**Material provided:**
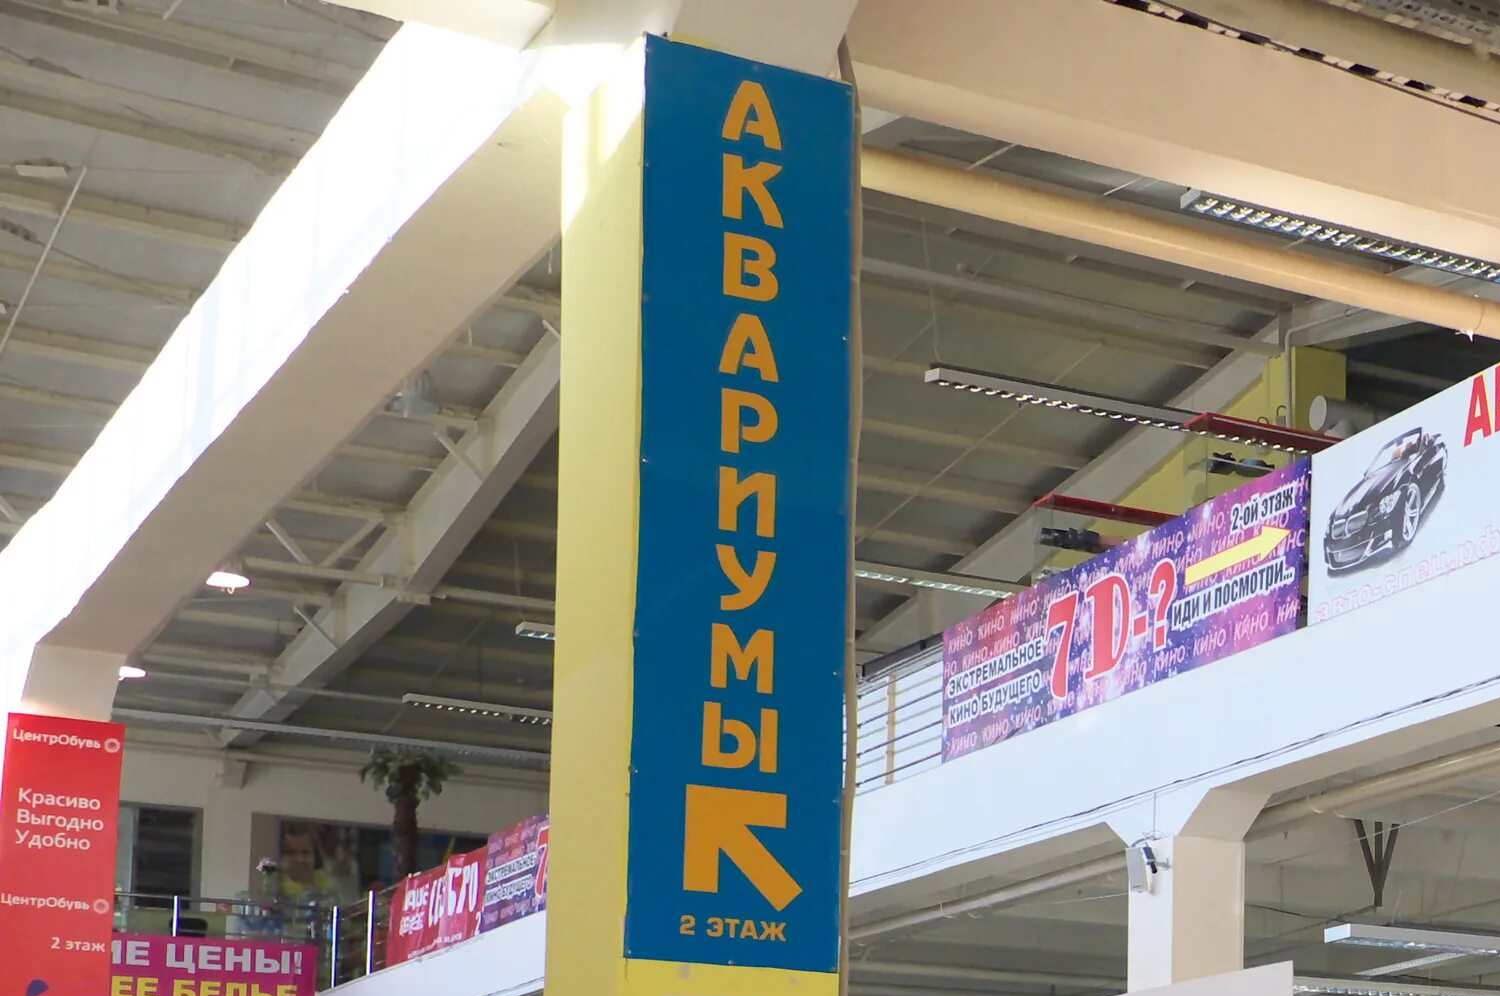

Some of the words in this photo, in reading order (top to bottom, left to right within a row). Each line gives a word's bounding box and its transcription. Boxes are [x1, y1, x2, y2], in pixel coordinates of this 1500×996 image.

[700, 79, 784, 774] АКВАРИУМЫ
[949, 640, 1042, 696] ЭКСТРЕМАЛЬНОЕ
[949, 700, 978, 725] КИНО
[981, 671, 1041, 712] БУДУЩЕГО
[12, 728, 101, 749] ЦентрОбувь
[18, 788, 101, 811] Красиво
[16, 809, 104, 832] Выгодно
[15, 829, 91, 850] Удобно
[1, 892, 90, 911] ЦентрОбувь
[679, 914, 697, 937] 2
[705, 915, 787, 942] ЭТАЖ
[51, 937, 60, 949] 2
[65, 939, 106, 953] этаж
[166, 943, 303, 975] ЦЕНЫ!
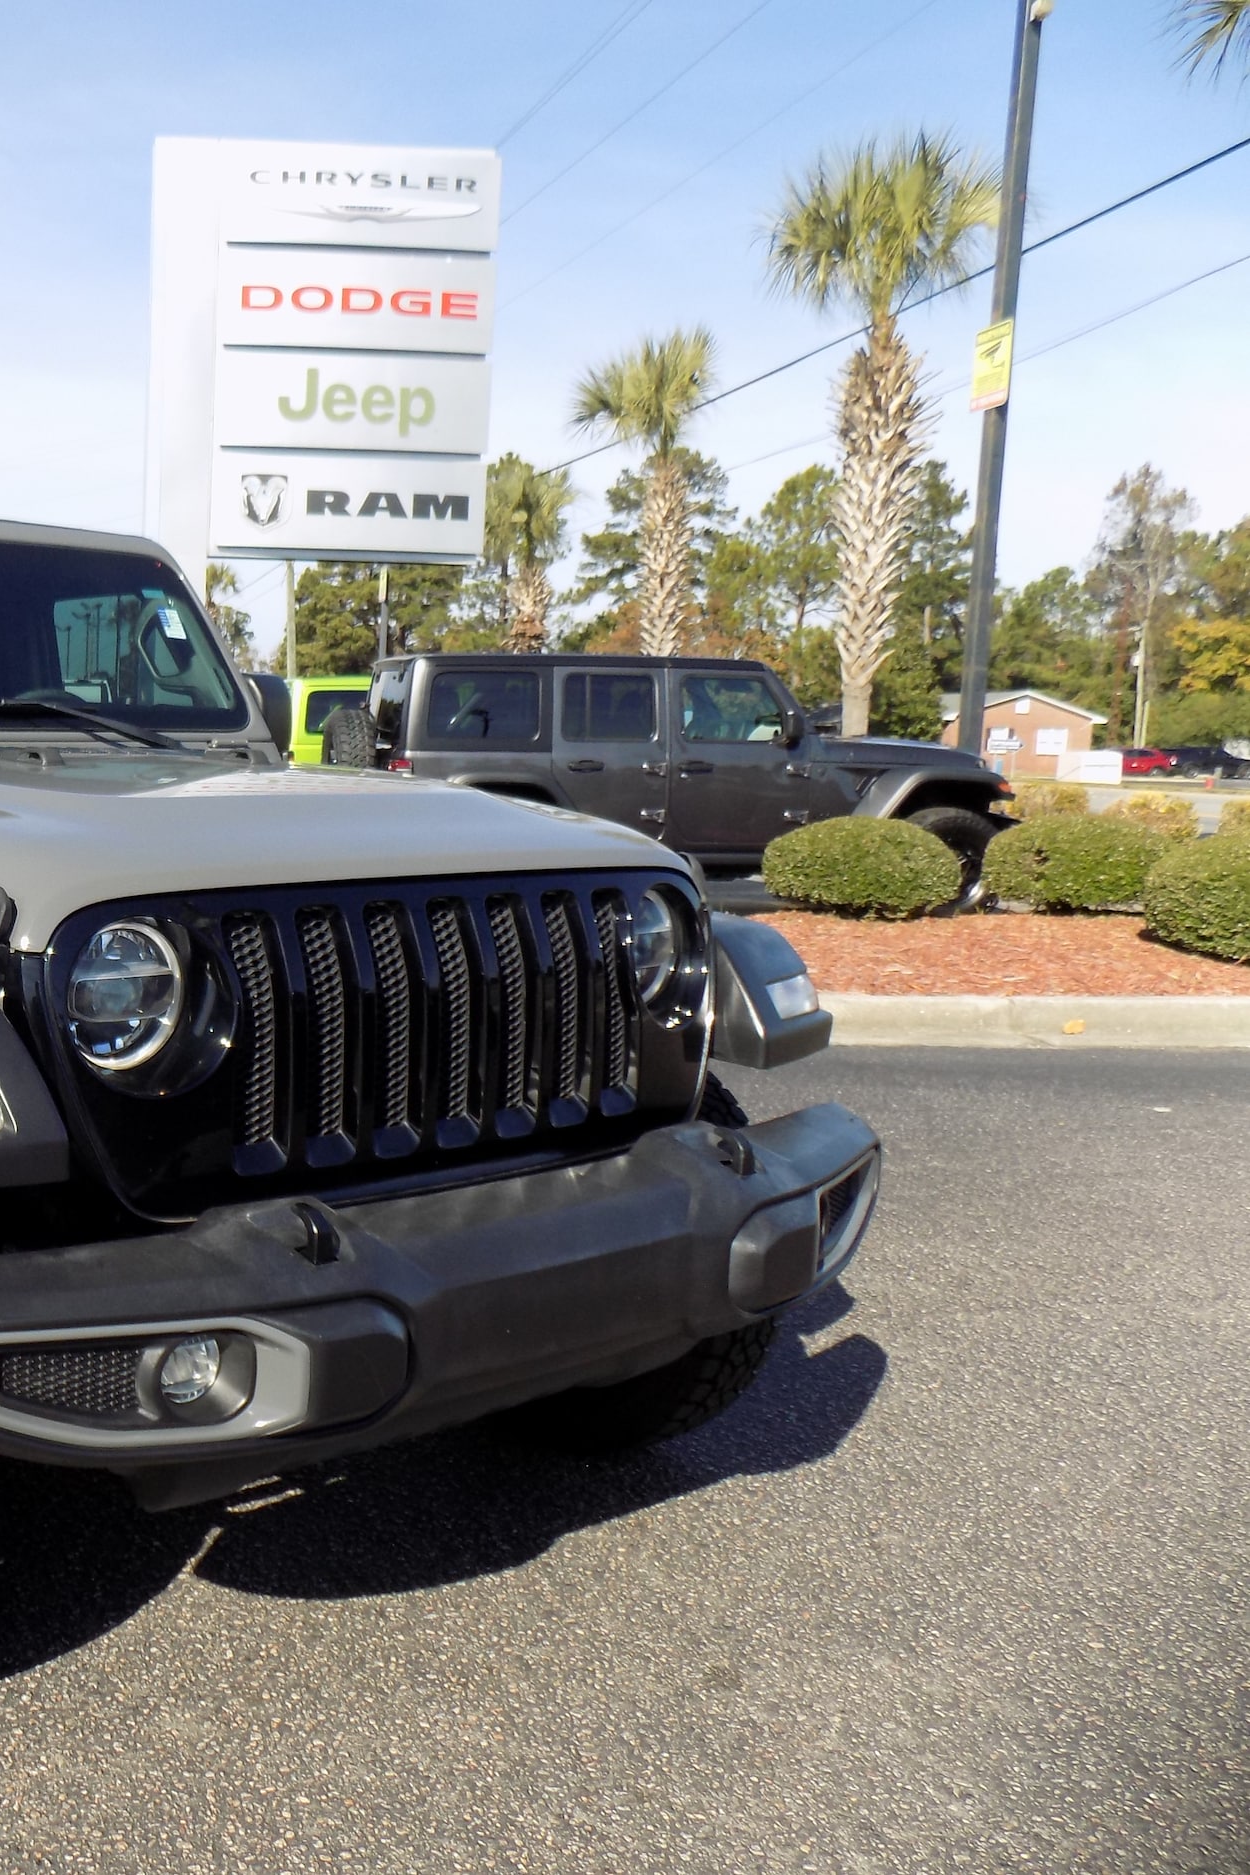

**To do:** Pictures stay out; everything else in the entries is copied exactly.

**Exercise output:**
Some of the words in this photo, in reading order (top to bottom, left to right within a row). Each line gives a word's bounding box and its transcription. Boxes are [x1, y1, x2, y2], in pixel coordinates of this 1500×996 image.

[700, 79, 784, 774] АКВАРИУМЫ
[949, 640, 1042, 696] ЭКСТРЕМАЛЬНОЕ
[949, 700, 978, 725] КИНО
[981, 671, 1041, 712] БУДУЩЕГО
[12, 728, 101, 749] ЦентрОбувь
[18, 788, 101, 811] Красиво
[16, 809, 104, 832] Выгодно
[15, 829, 91, 850] Удобно
[1, 892, 90, 911] ЦентрОбувь
[679, 914, 697, 937] 2
[705, 915, 787, 942] ЭТАЖ
[51, 937, 60, 949] 2
[65, 939, 106, 953] этаж
[166, 943, 303, 975] ЦЕНЫ!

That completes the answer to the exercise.